[Saved data entries]
+++

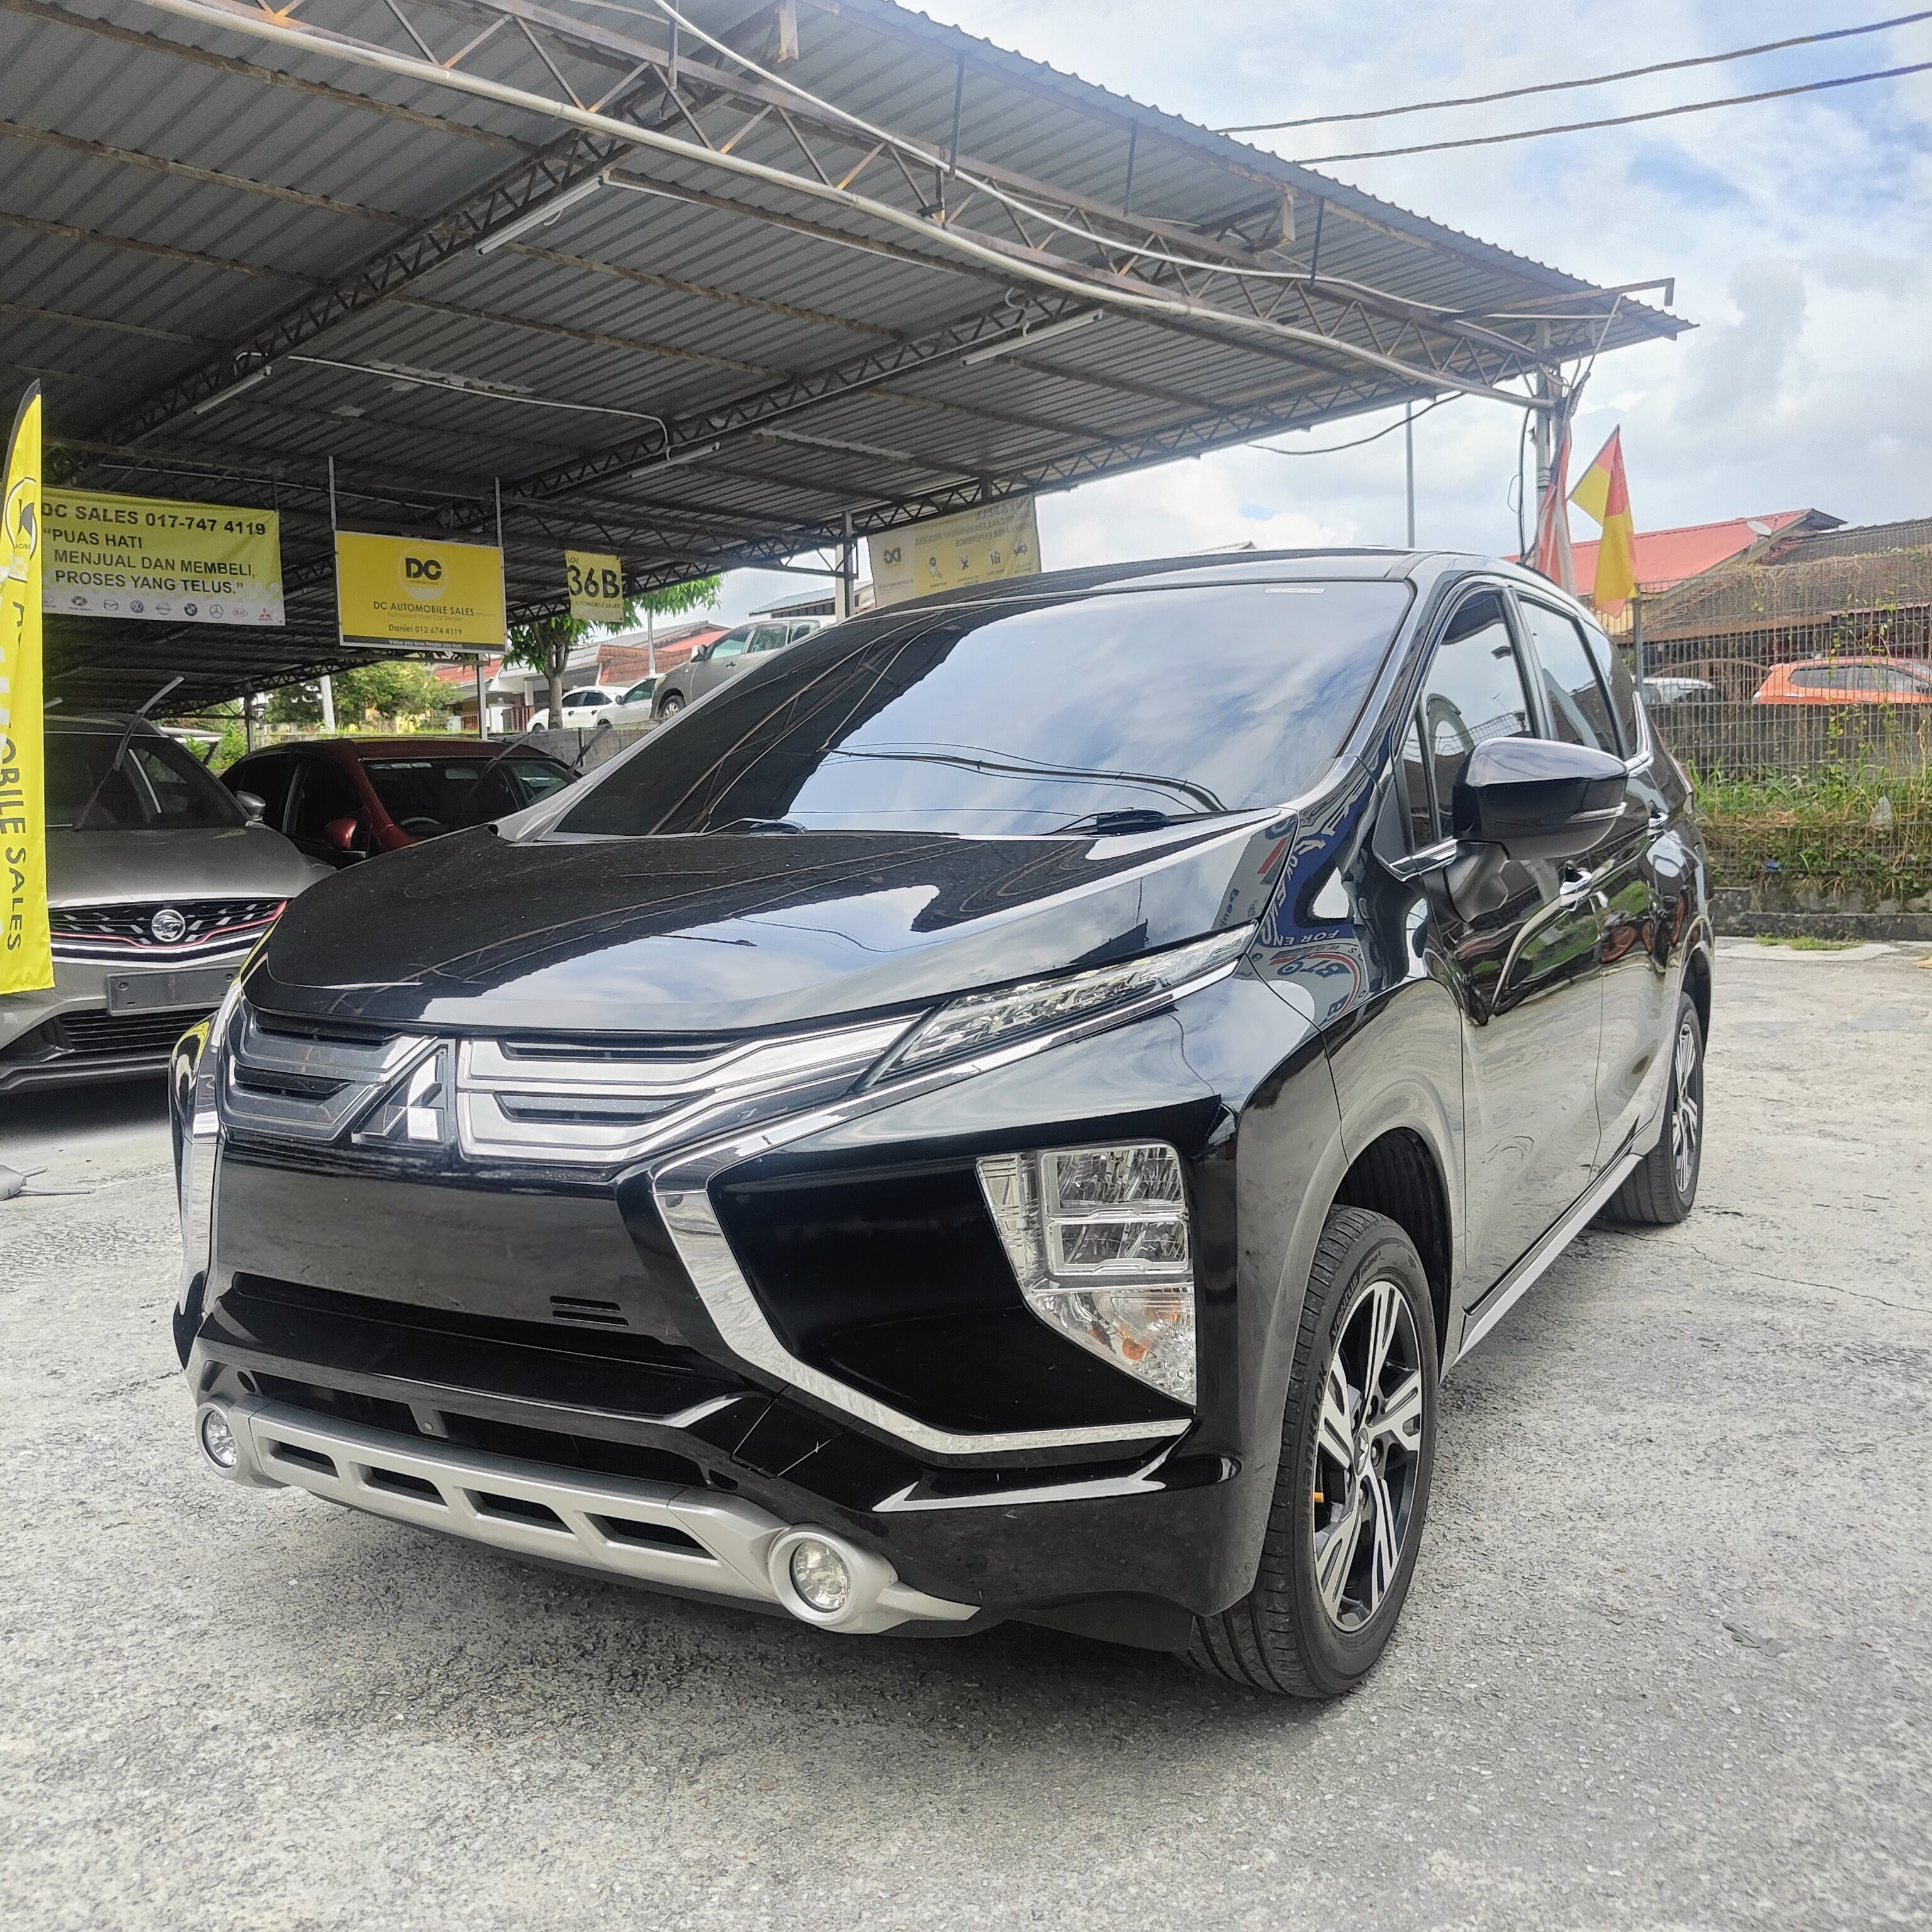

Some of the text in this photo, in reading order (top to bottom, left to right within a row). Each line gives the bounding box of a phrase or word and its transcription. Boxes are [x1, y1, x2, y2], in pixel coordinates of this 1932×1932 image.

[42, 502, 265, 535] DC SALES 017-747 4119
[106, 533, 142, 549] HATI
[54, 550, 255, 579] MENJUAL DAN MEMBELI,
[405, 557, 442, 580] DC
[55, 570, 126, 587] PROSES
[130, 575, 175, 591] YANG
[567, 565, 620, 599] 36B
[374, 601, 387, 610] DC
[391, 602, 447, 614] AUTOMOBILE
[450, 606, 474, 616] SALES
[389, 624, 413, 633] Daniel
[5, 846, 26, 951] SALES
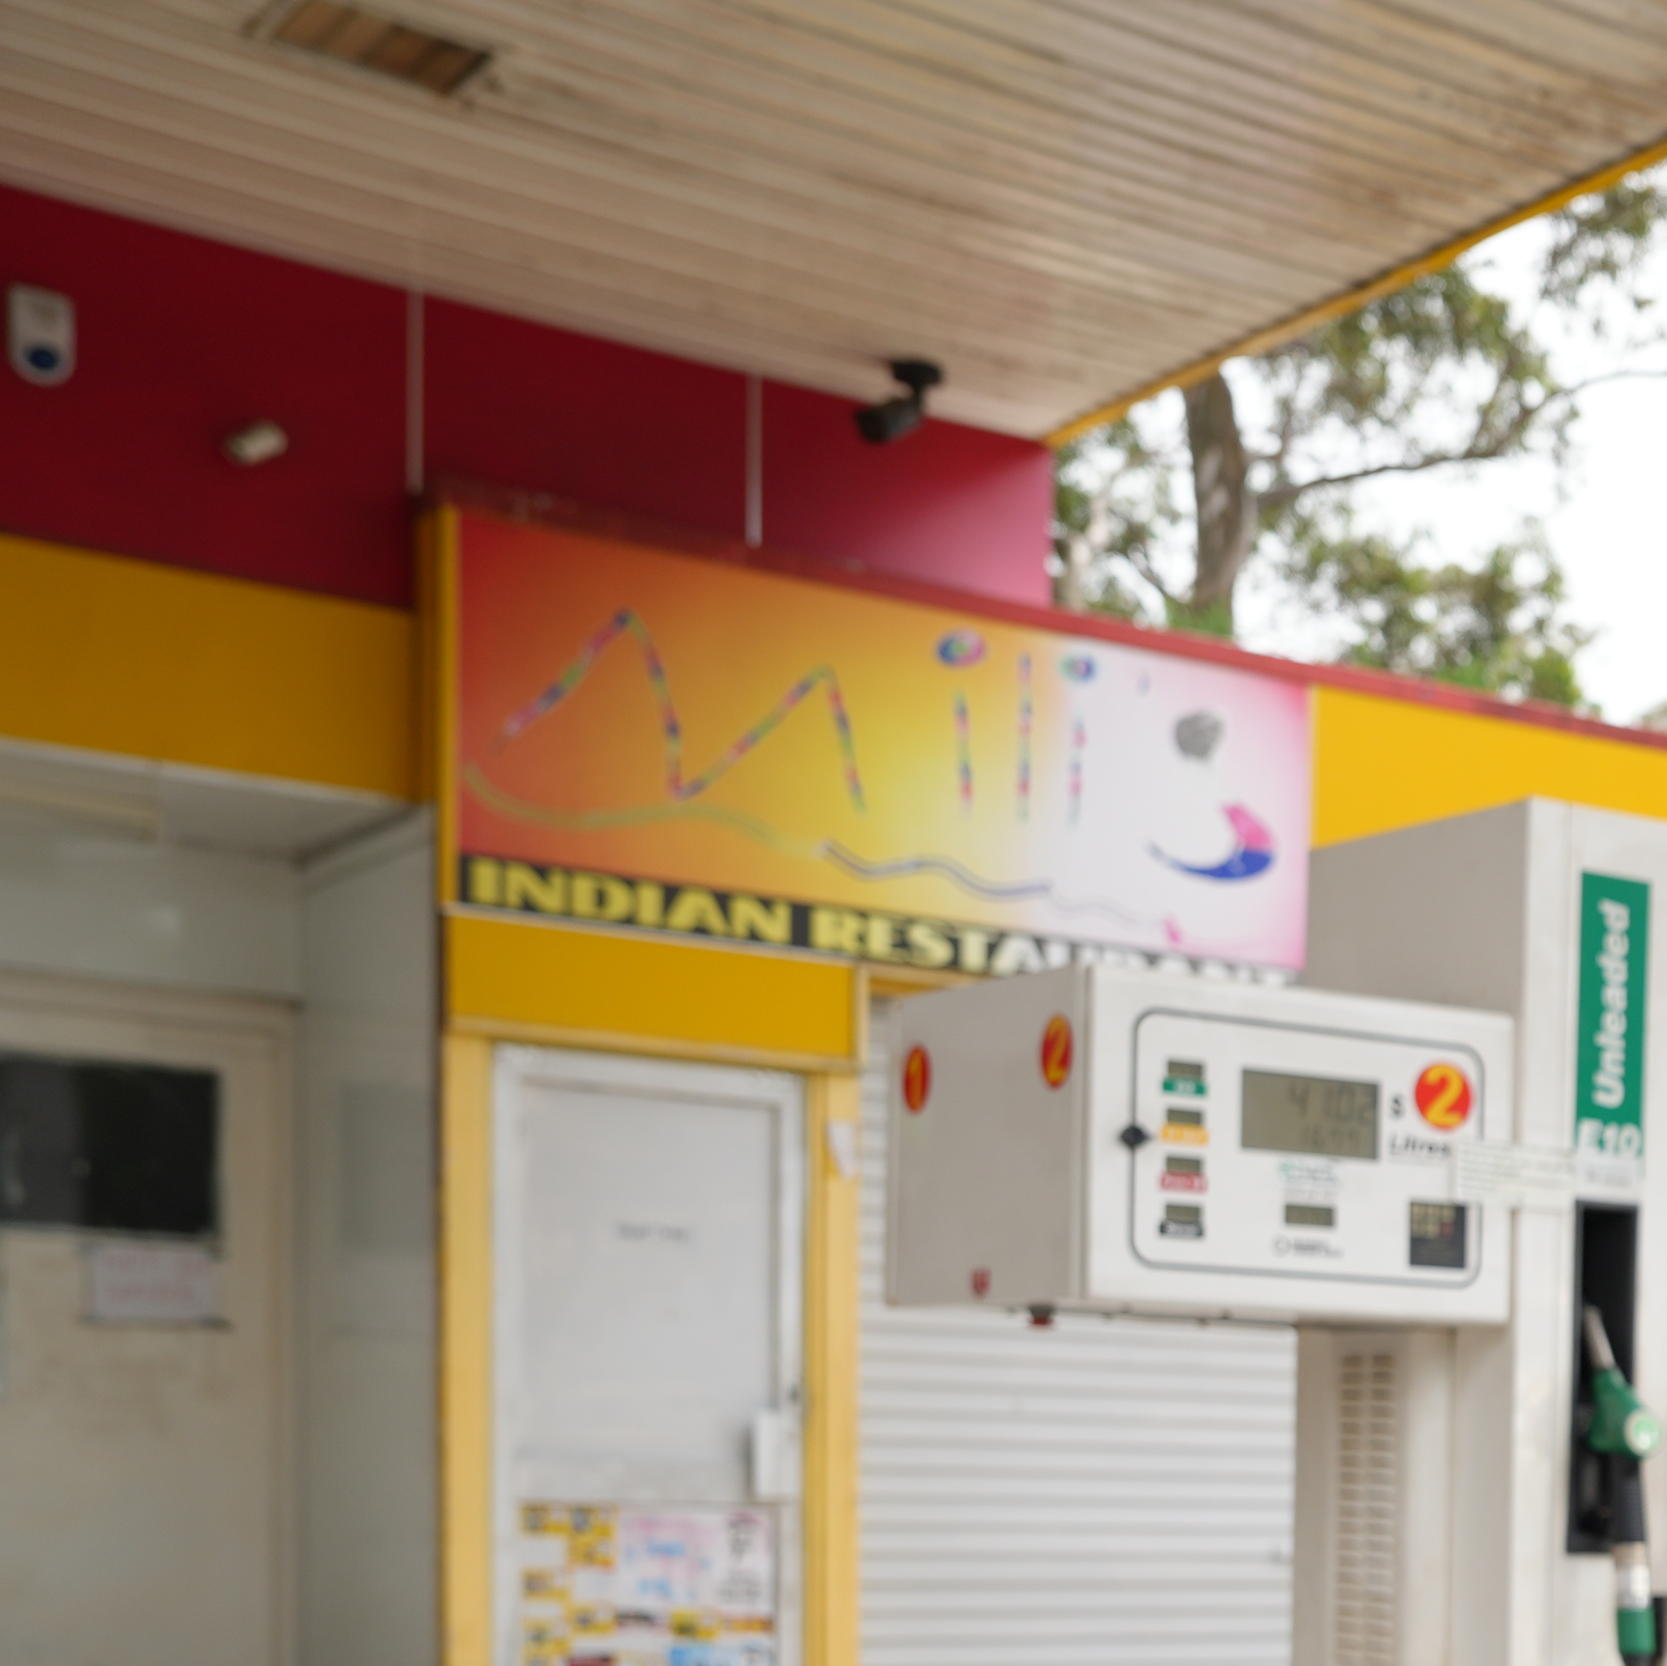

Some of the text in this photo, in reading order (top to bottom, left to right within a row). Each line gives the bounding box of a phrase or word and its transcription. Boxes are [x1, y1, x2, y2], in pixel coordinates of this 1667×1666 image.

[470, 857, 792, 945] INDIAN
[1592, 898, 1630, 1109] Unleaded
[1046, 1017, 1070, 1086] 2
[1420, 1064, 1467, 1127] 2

+++

◆ **Problem statement**:
The "this 1667×1666 image." line through the last line above: set these down exactly and add nothing else.

◆ **Task result**:
Some of the text in this photo, in reading order (top to bottom, left to right within a row). Each line gives the bounding box of a phrase or word and its transcription. Boxes are [x1, y1, x2, y2], in pixel coordinates of this 1667×1666 image.

[470, 857, 792, 945] INDIAN
[1592, 898, 1630, 1109] Unleaded
[1046, 1017, 1070, 1086] 2
[1420, 1064, 1467, 1127] 2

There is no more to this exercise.